Try it: Without copying any picture, return all lines below exactly.

——————————

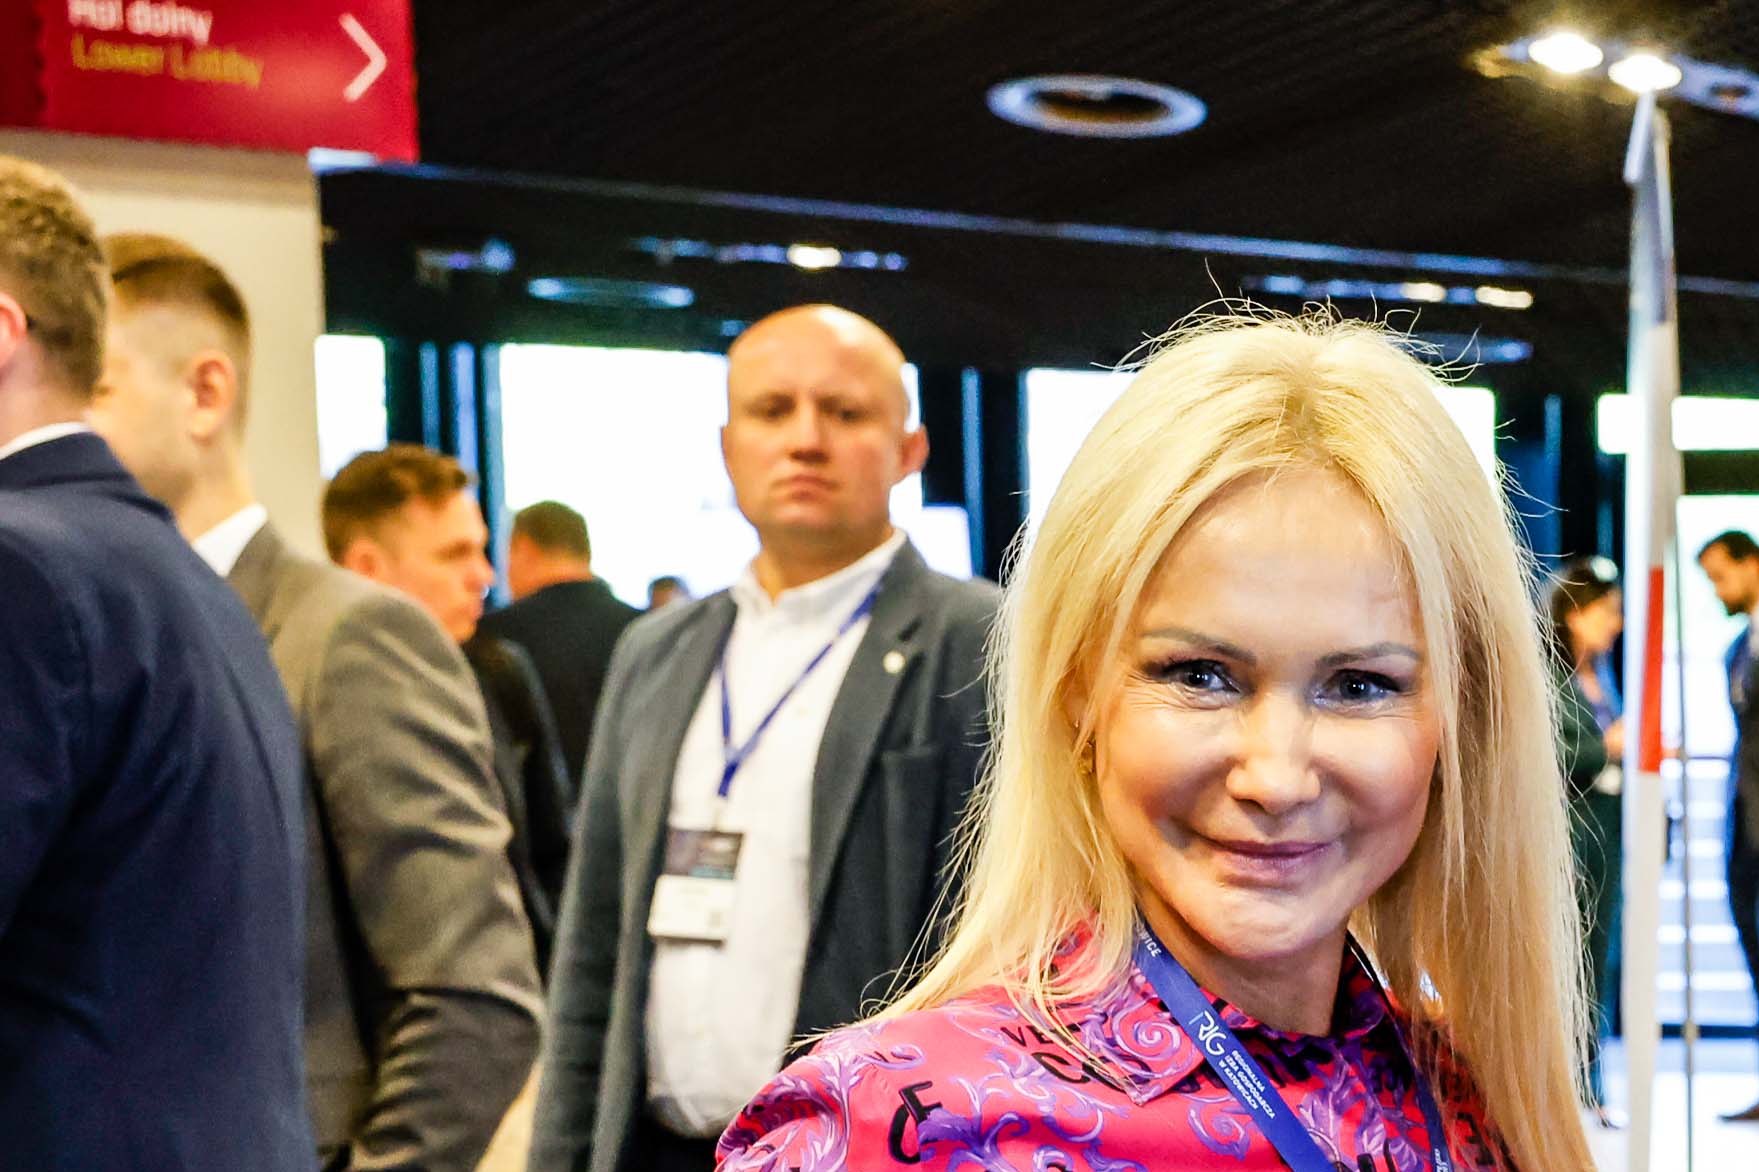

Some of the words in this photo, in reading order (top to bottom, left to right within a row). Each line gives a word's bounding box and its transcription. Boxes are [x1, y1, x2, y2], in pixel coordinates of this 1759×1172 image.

[70, 32, 165, 75] Lower
[169, 43, 264, 89] Lobby
[1224, 1055, 1239, 1073] IZBA
[1237, 1070, 1276, 1119] GOSPODARCZA
[1224, 1068, 1259, 1110] KATOWICACH
[1230, 1050, 1265, 1092] REGIONALNA
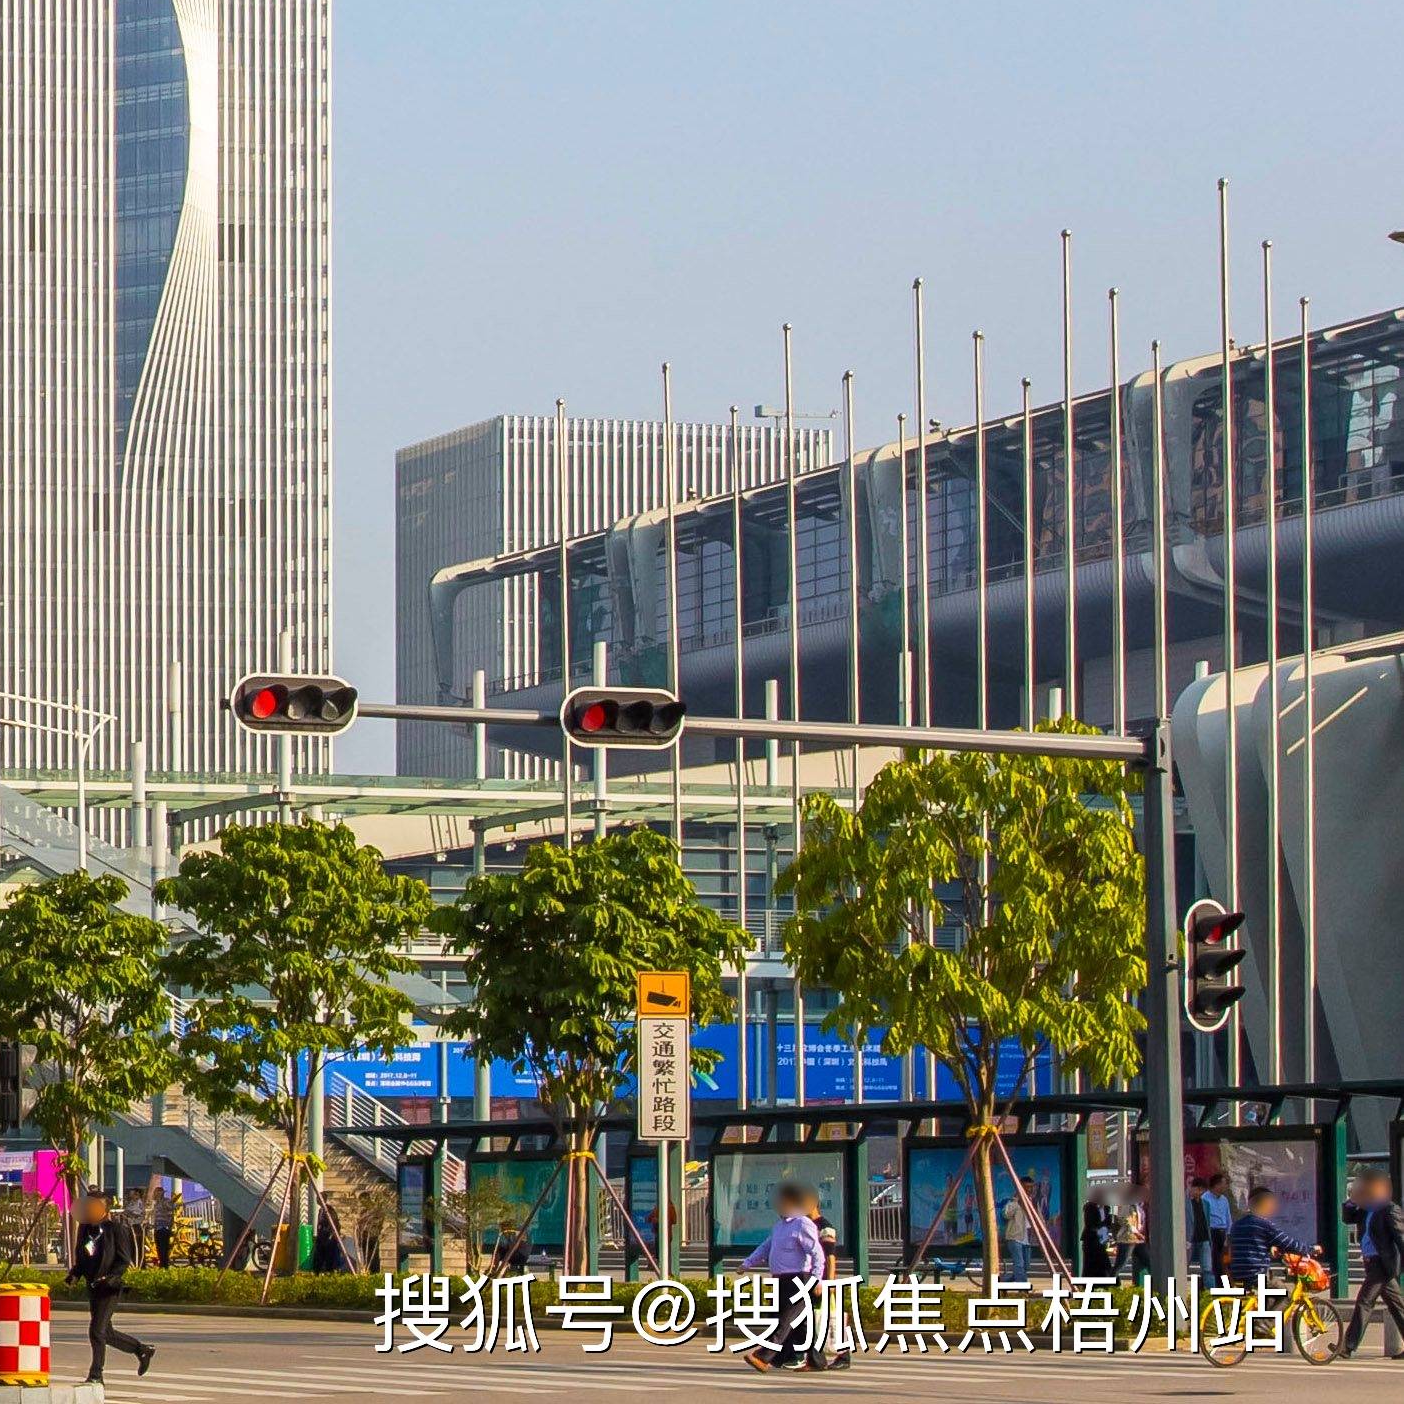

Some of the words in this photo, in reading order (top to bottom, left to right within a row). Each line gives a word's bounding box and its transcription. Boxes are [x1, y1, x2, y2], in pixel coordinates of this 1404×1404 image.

——————————

Written response:
Some of the words in this photo, in reading order (top to bottom, left to right within a row). Each line gives a word's bounding box and its transcription. Boxes are [x1, y1, x2, y2], in pixel coordinates of this 1759×1172 image.

[70, 32, 165, 75] Lower
[169, 43, 264, 89] Lobby
[1224, 1055, 1239, 1073] IZBA
[1237, 1070, 1276, 1119] GOSPODARCZA
[1224, 1068, 1259, 1110] KATOWICACH
[1230, 1050, 1265, 1092] REGIONALNA

Some of the words in this photo, in reading order (top to bottom, left to right within a row). Each line gives a word's bounding box and its transcription. Boxes are [x1, y1, x2, y2], in pixel coordinates of this 1404×1404 image.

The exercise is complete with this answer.